明顕山 祐天寺

年表

安永03年(1774年)

祐天上人

大泉寺で祐天名号軸を表装

魚津大泉寺で祐天上人筆と言い伝えられてきた名号軸(布に六字名号の書かれたもの。嘉永6年「祐天寺」参照)を表装しました。

参考文献
名号裏書(魚津大泉寺蔵)

龍の額、作成

龍の額が神田住人欣誉貞源により制作されました。裏に祐全の名号が大きく書かれています。現在は箱根塔之沢環翠楼に保存されています。

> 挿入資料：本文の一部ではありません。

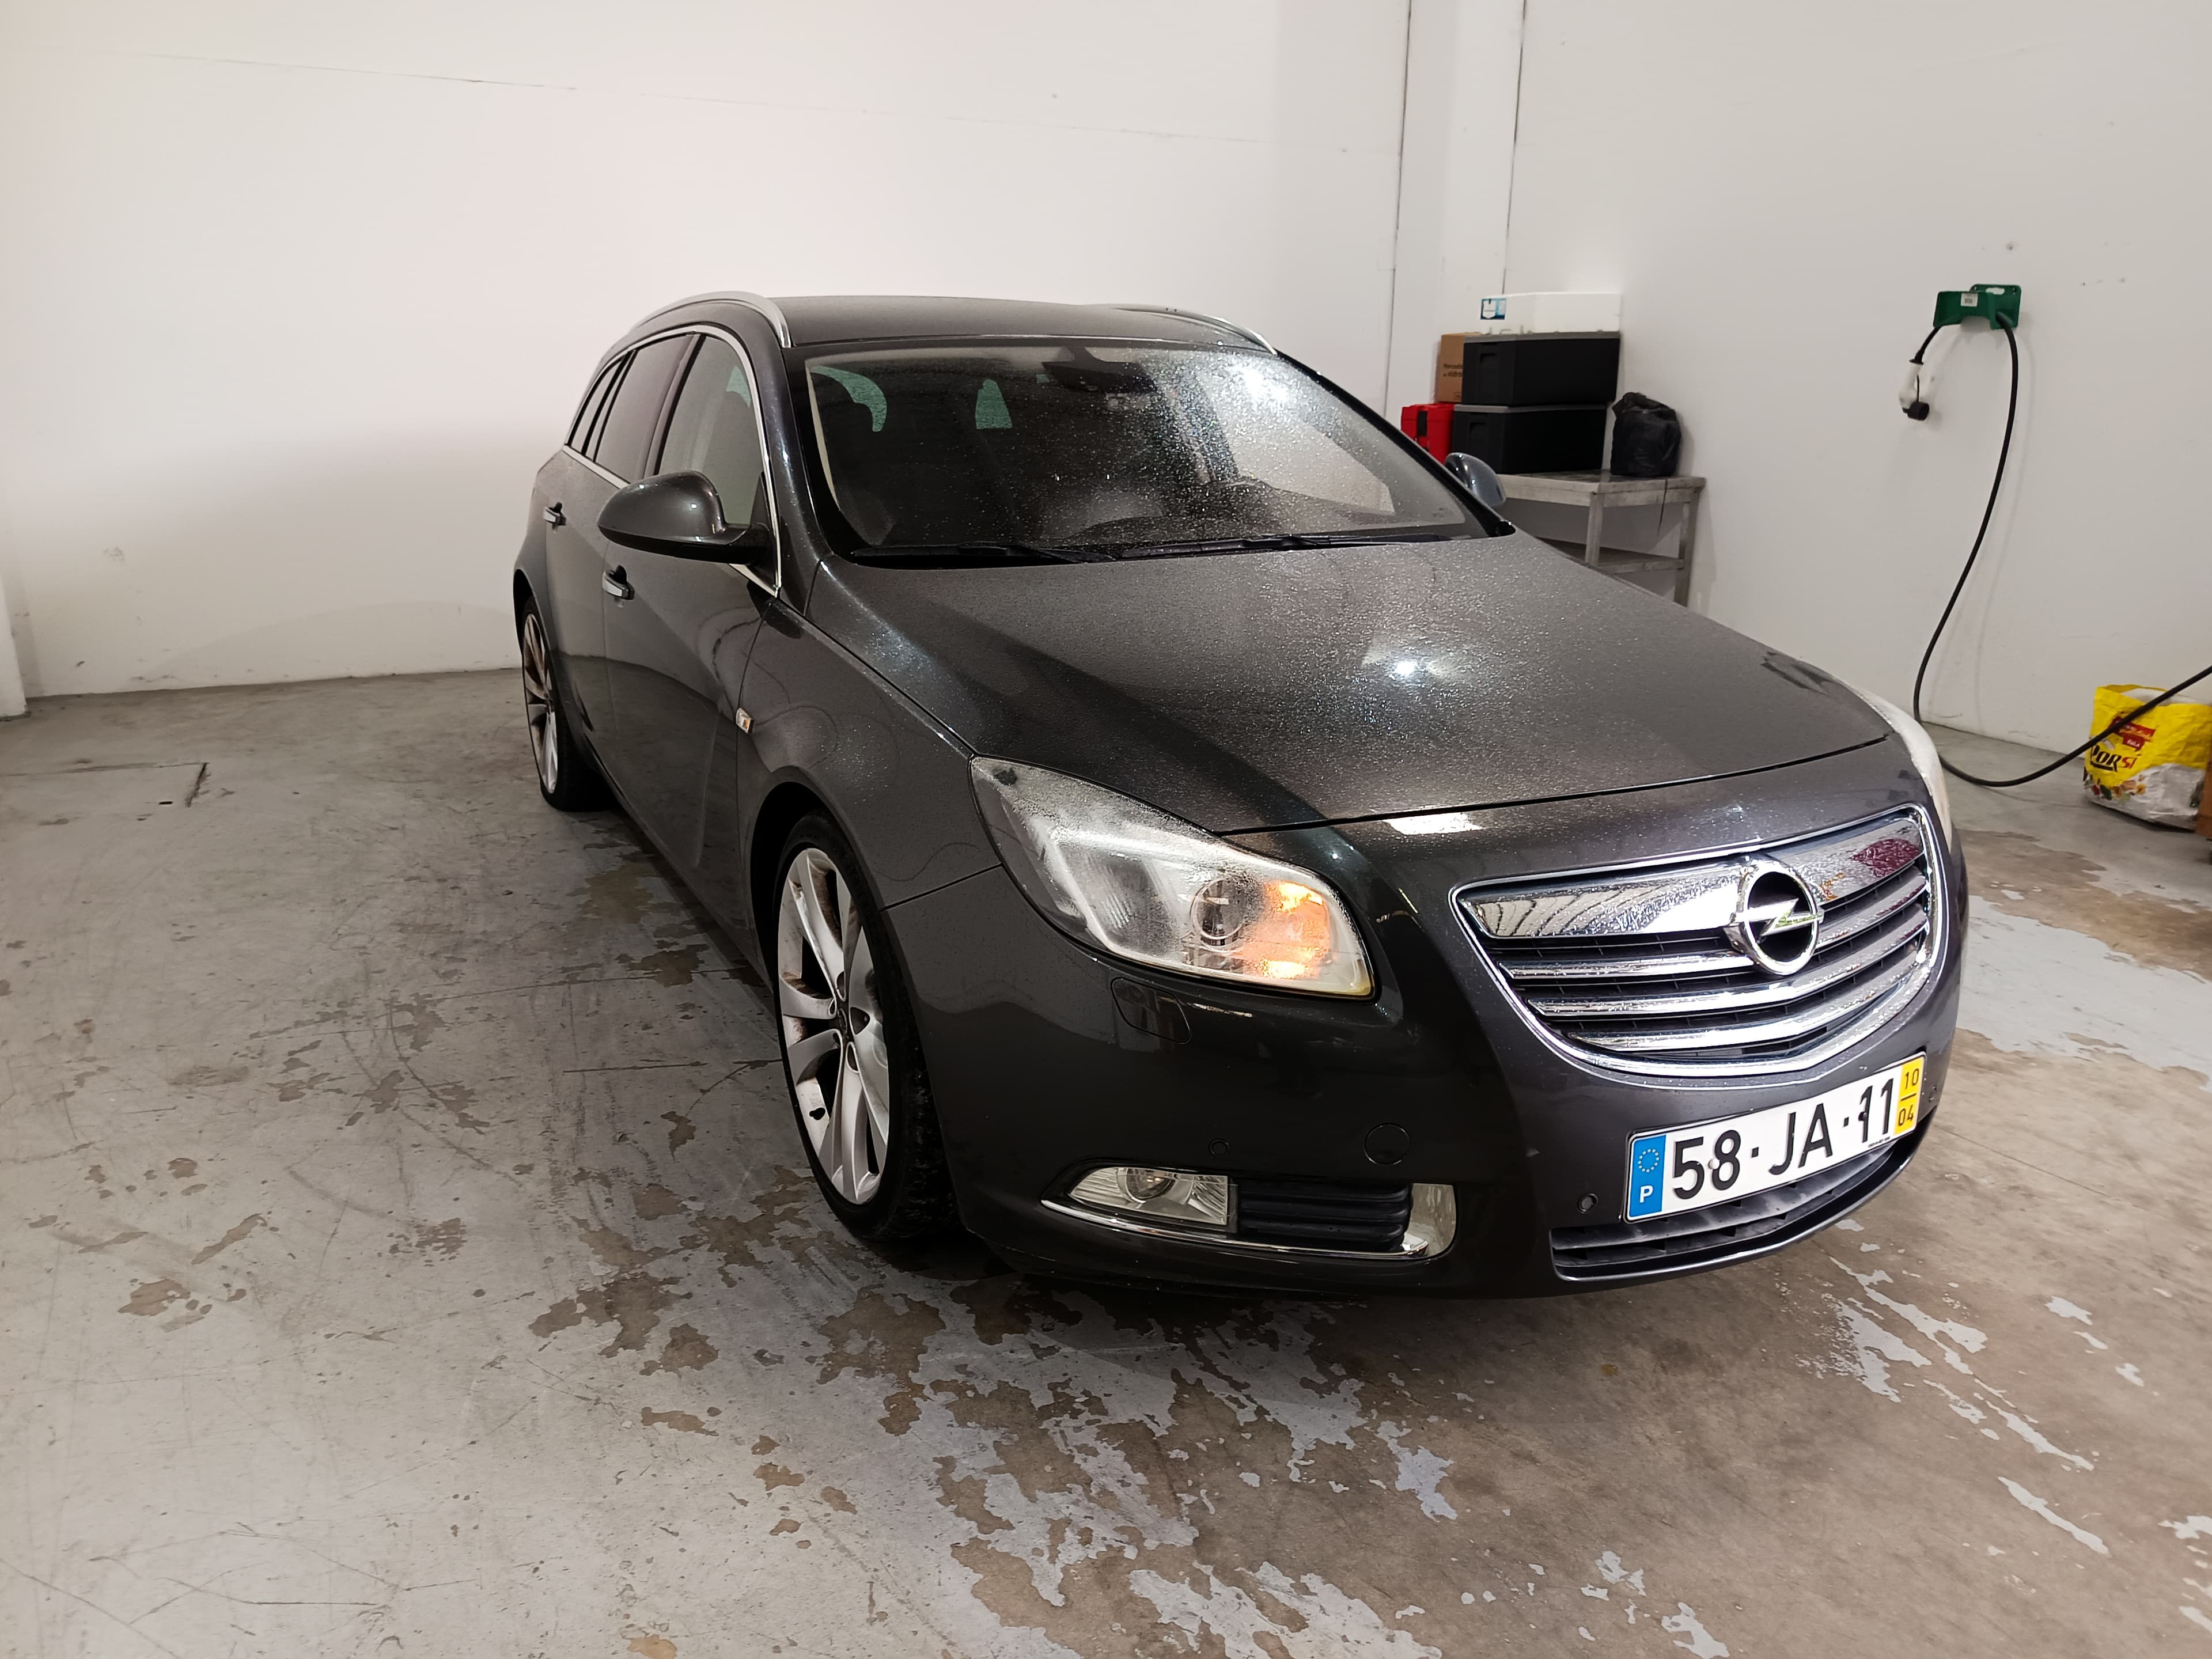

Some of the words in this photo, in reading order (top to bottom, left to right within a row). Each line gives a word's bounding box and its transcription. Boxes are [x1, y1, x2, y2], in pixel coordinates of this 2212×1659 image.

貞源の法号と見られる「欣誉貞源禅門」(安永6年7月4日寂)が祐天寺過去帳に載っています。

参考文献
龍の額裏書(箱根環翠楼蔵)、『本堂過去霊名簿』

寺院

宗名論争

この年の8月、東西本願寺は自宗を「浄土真宗」と公称することを寺社奉行に申し出ました。本願寺の宗名は一向宗・本願寺宗・無碍光宗などと呼ばれ、統一性がないからというのが理由です。本願寺は、浄土真宗という呼び方は親鸞上人が『教行信証』という書物の中で示したのが始まりだと主張しました。しかし、この件に関して幕府から意見を求められた増上寺は、「浄土真宗」の呼び名は、すでに善導大師(613~681)の『観経疏』に見られると反論します。そして、法然上人建立の浄土宗を浄土真宗と称するとあるのだから、「浄土真宗」とは浄土宗のことを指すと主張し、本願寺の申し出は認められないと答えました。この増上寺の意見により本願寺の宗名を一向宗と呼ぶこととなりましたが、本願寺は猛反発します。以後本願寺と増上寺は寛政元年(1789)に一応の決着が付くまでの15年間にわたり、「浄土真宗」の呼び名を使用するのはどちらが正当かという論争を繰り広げることになったのです。

本願寺が宗名を「浄土真宗」と公称することが認められるのは、約100年後の明治5年(1872)のことになります。

参考文献
『真宗大辞典』(岡村周薩編、鹿野苑、1936年)、『日本仏教史』9近世篇三(辻善之助、岩波書店、1961年)、『浄土宗大辞典』

風俗

大川橋、完成

10月、隅田川に浅草と本所を結ぶ、長さ84間(約150メートル)の新しい橋が架設されました。橋の名前は大川橋(現、吾妻橋)です。

大川橋の下流にある両国橋までは約2キロメートルあり、その間に3つの渡し場がありましたが、隅田川は水量が多くて危険なうえ、災害時には船も止まってしまい、周辺の住民たちは大変不便な思いをしていました。特に火事のときには避難できなくなってしまうので、橋の架設が強く望まれていたのです。しかし幕府は、上流に橋を造るとそれが洪水などで崩壊した場合、その材木で下流の両国橋が壊れることを恐れて、なかなか架設の許可を出しませんでした。

そこで安永2年(1773)、浅草花川戸町の伊右衛門と下谷龍泉寺町の源八が、橋の建設費用はすべて民費で賄い、武士以外の通行者から一律銭2文ずつを徴収して橋の維持費とすること、6年後には冥加金50両を納めることなどを記した願書を幕府に提出しました。さらに、大川橋が壊れて下流の橋に損害を与えた場合は、損害額500両に対してはその3分の2、1、000両までに対しては2分1を弁済することを約束し、ようやく架設の許可が下りました。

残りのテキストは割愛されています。